- Problem to work on: No pictures should be carried over. Output all other parts of the entries verbatim.

- Supplied information:
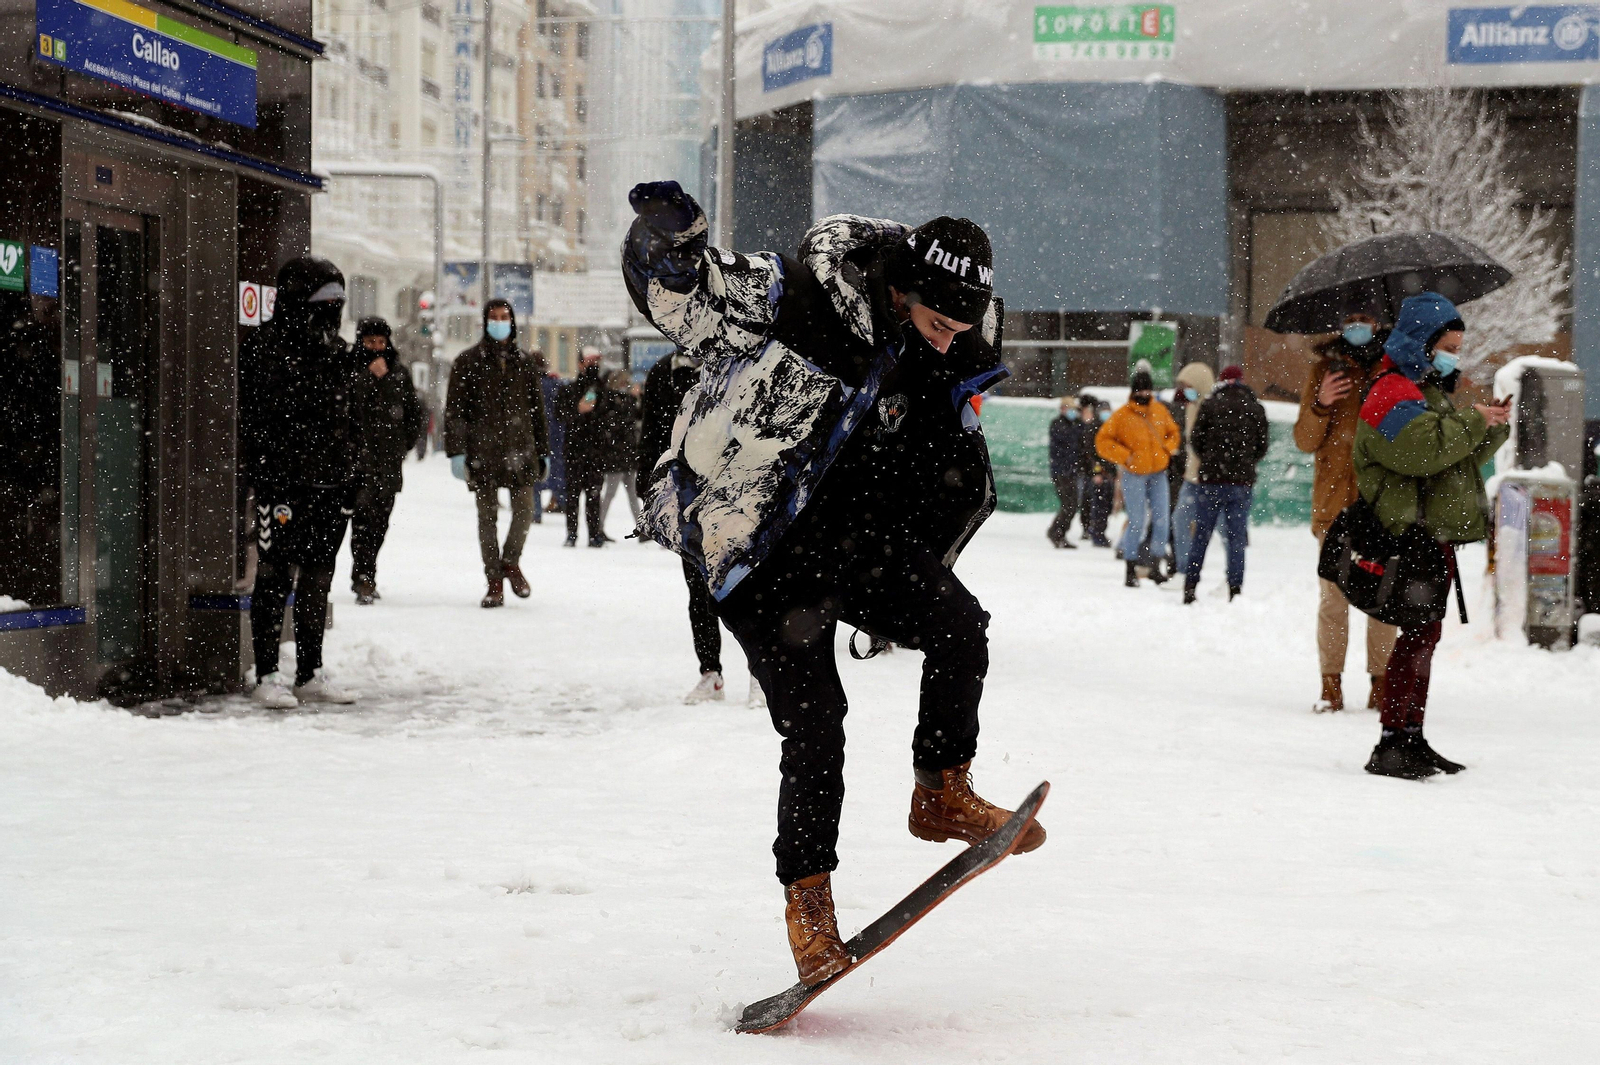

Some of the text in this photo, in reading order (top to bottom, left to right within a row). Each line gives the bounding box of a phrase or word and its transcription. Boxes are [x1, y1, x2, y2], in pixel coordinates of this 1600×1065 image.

[1459, 22, 1550, 47] Allianz
[132, 32, 180, 71] Callao
[133, 75, 150, 91] Plaza
[151, 82, 160, 94] del
[162, 85, 181, 101] Callao
[924, 238, 971, 277] huf

- Your solution:
Some of the text in this photo, in reading order (top to bottom, left to right within a row). Each line gives the bounding box of a phrase or word and its transcription. Boxes are [x1, y1, x2, y2], in pixel coordinates of this 1600×1065 image.

[1459, 22, 1550, 47] Allianz
[132, 32, 180, 71] Callao
[133, 75, 150, 91] Plaza
[151, 82, 160, 94] del
[162, 85, 181, 101] Callao
[924, 238, 971, 277] huf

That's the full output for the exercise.